▶ HOW TO COMPLETE THIS TASK
The records below must be transcribed exactly. Do not include the pictures.

(Annotated photo localization data)
════════
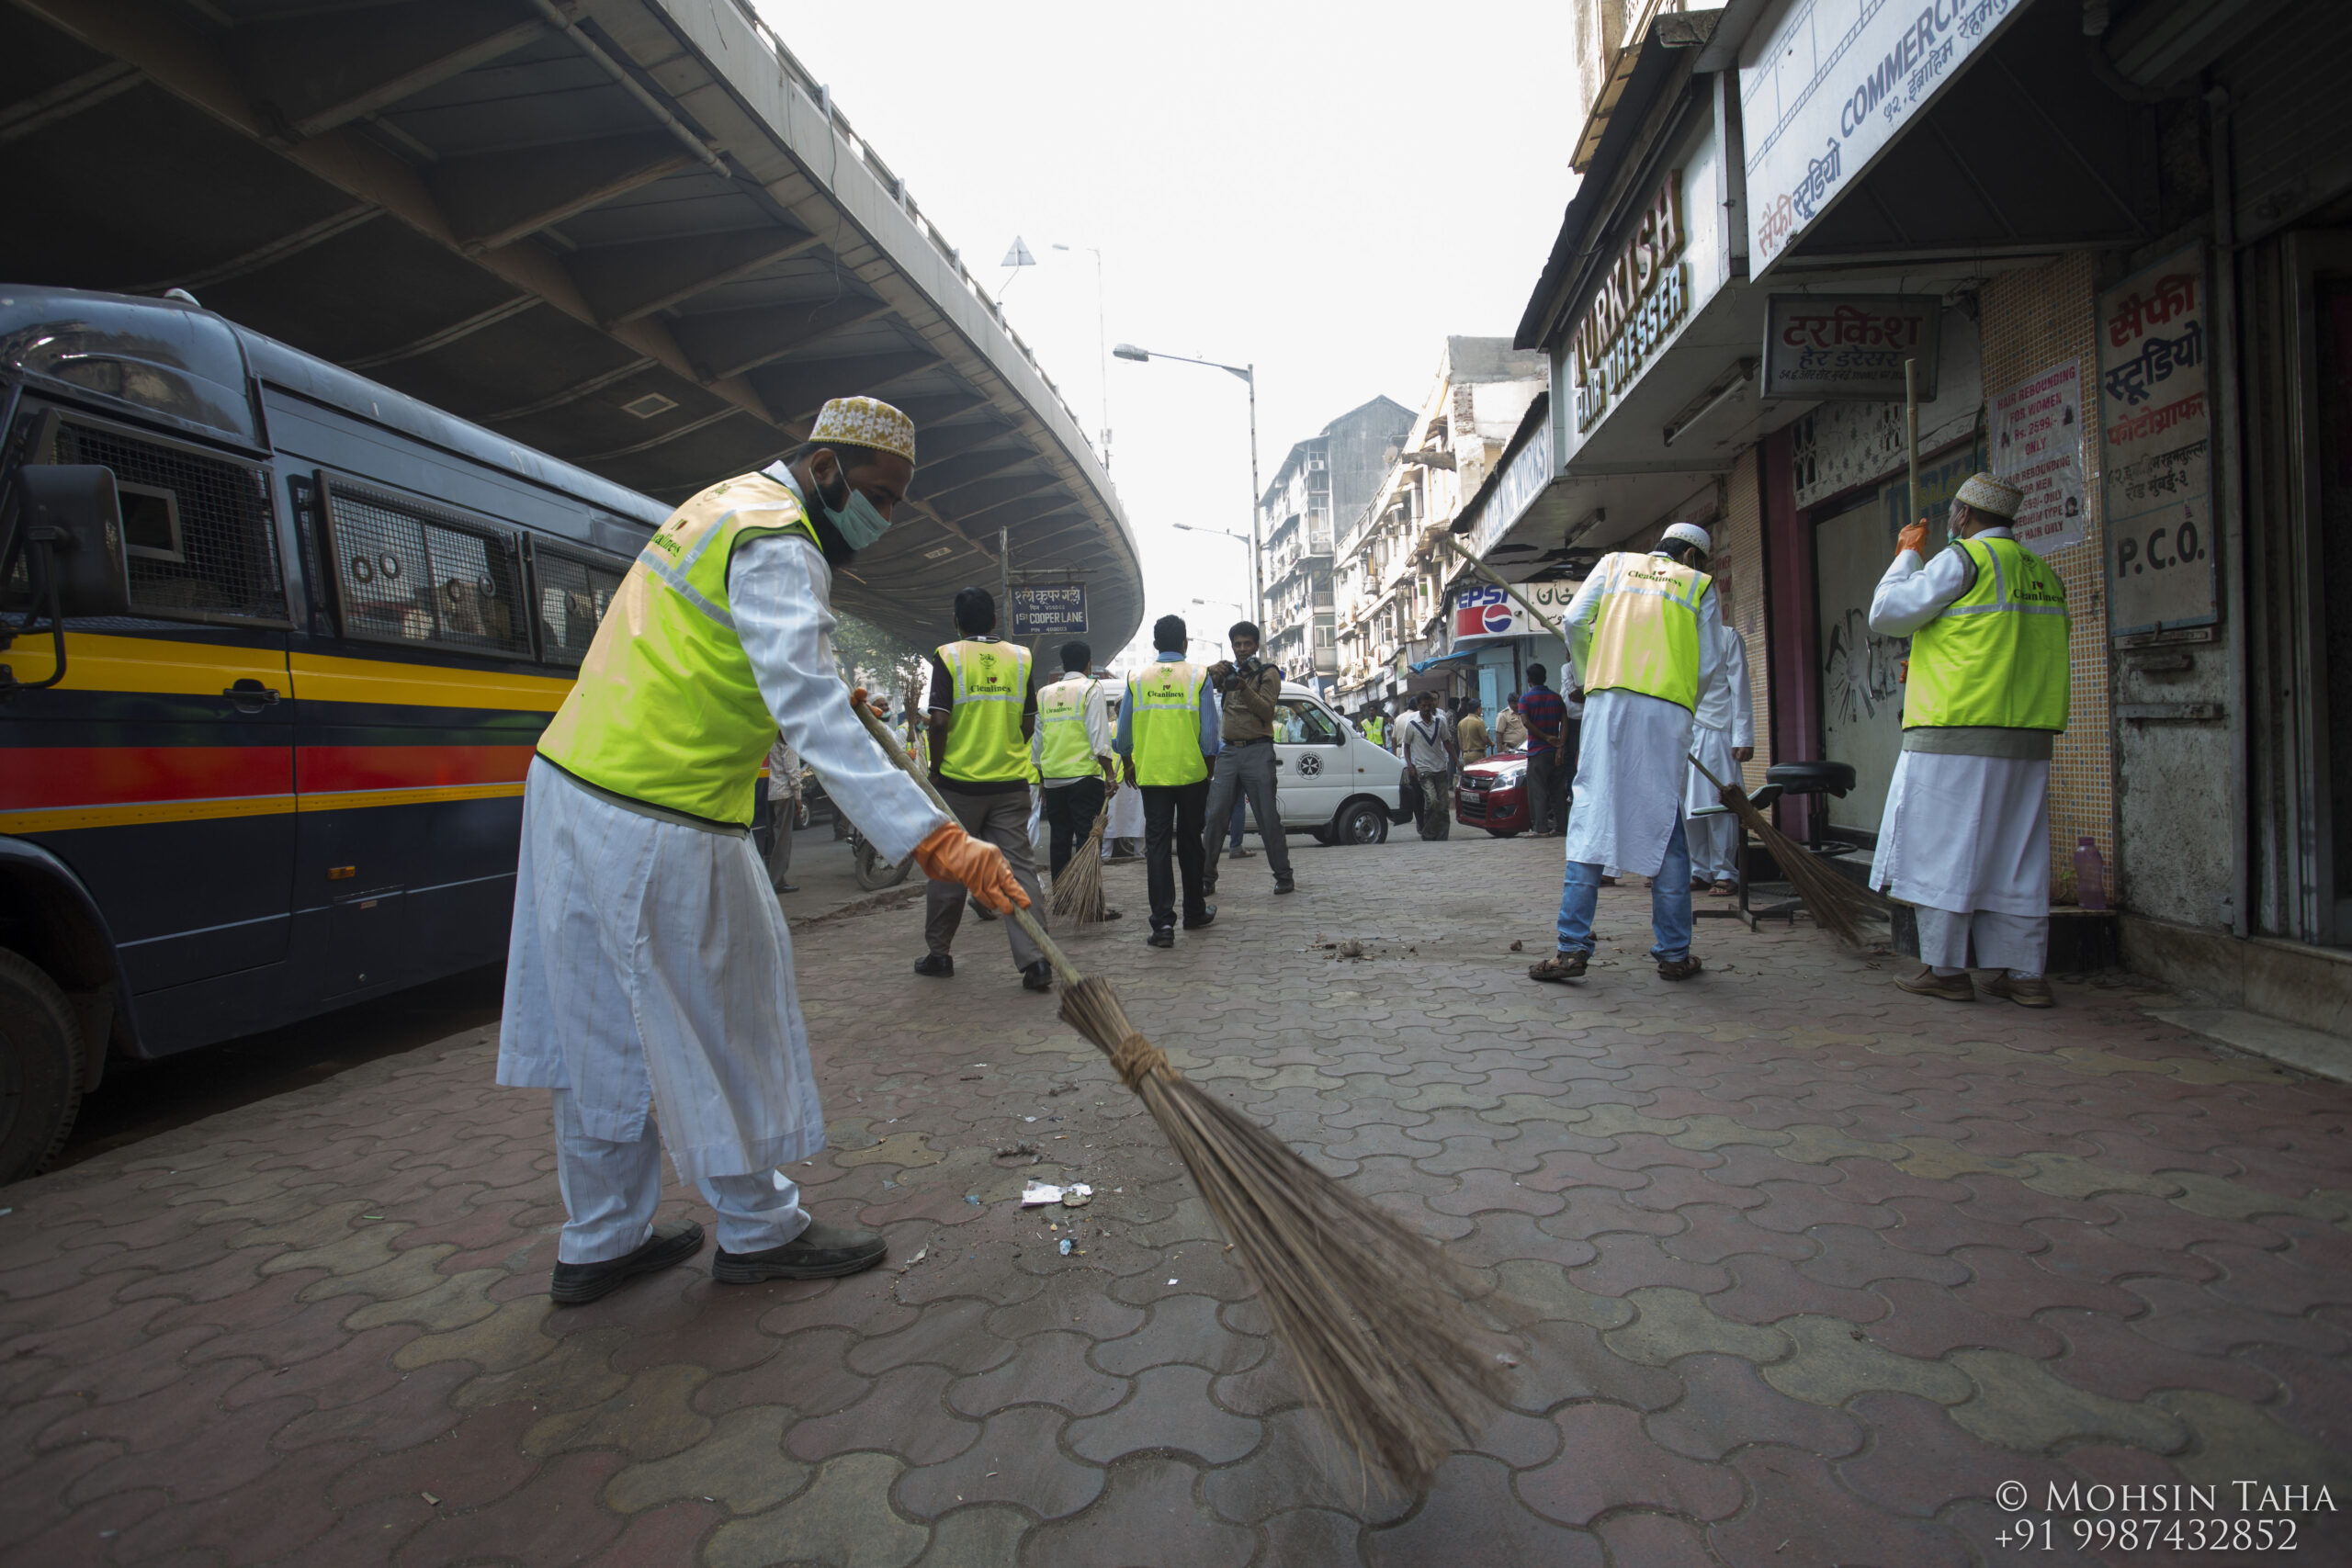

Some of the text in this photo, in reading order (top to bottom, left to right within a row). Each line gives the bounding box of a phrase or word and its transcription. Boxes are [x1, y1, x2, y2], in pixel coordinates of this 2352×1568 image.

[1841, 0, 1966, 138] COMMERC
[1570, 169, 1684, 388] TURKISH
[2109, 274, 2195, 347] सैफी
[1576, 263, 1688, 434] HAIR DRESSER
[2105, 321, 2202, 405] स्टूडियो
[1997, 367, 2075, 412] HAIR REBOUNDING
[2010, 392, 2062, 423] FOR WOMEN
[2025, 438, 2046, 456] ONLY
[1514, 428, 1545, 507] WORKS
[2022, 456, 2071, 480] REBOUNDING
[2036, 477, 2052, 491] MEN
[2044, 488, 2064, 504] ONLY
[2044, 505, 2064, 520] TYPE
[2025, 525, 2042, 540] HAIR
[2045, 521, 2064, 536] ONLY
[2118, 522, 2205, 578] P.C.O.
[1628, 570, 1681, 587] Cleanliness
[2032, 581, 2037, 590] I
[1030, 612, 1059, 624] COOPER
[1061, 612, 1083, 623] LANE
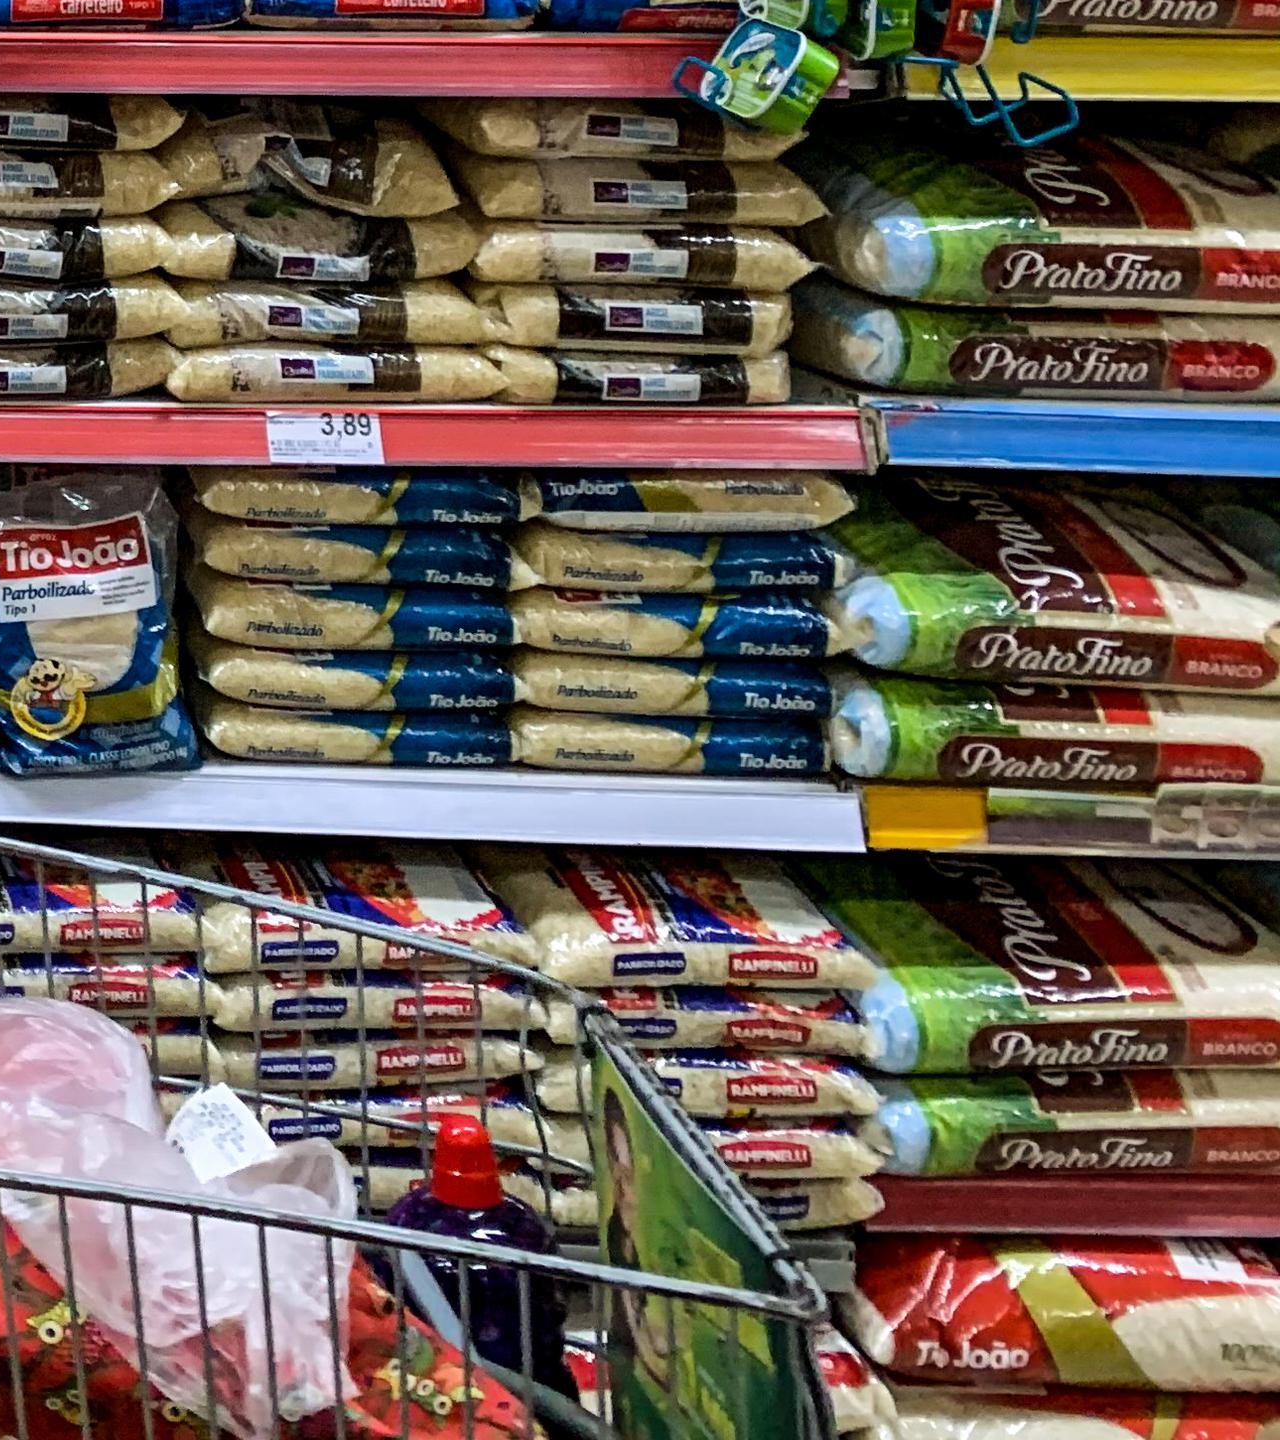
════════
▶ TASK ANSWER
Some of the text in this photo, in reading order (top to bottom, left to right within a row). Each line gives the bounding box of a phrase or word and its transcription. Boxes are [x1, y1, x2, y2], in pixel coordinates of this 2352×1568 image.

[1841, 0, 1966, 138] COMMERC
[1570, 169, 1684, 388] TURKISH
[2109, 274, 2195, 347] सैफी
[1576, 263, 1688, 434] HAIR DRESSER
[2105, 321, 2202, 405] स्टूडियो
[1997, 367, 2075, 412] HAIR REBOUNDING
[2010, 392, 2062, 423] FOR WOMEN
[2025, 438, 2046, 456] ONLY
[1514, 428, 1545, 507] WORKS
[2022, 456, 2071, 480] REBOUNDING
[2036, 477, 2052, 491] MEN
[2044, 488, 2064, 504] ONLY
[2044, 505, 2064, 520] TYPE
[2025, 525, 2042, 540] HAIR
[2045, 521, 2064, 536] ONLY
[2118, 522, 2205, 578] P.C.O.
[1628, 570, 1681, 587] Cleanliness
[2032, 581, 2037, 590] I
[1030, 612, 1059, 624] COOPER
[1061, 612, 1083, 623] LANE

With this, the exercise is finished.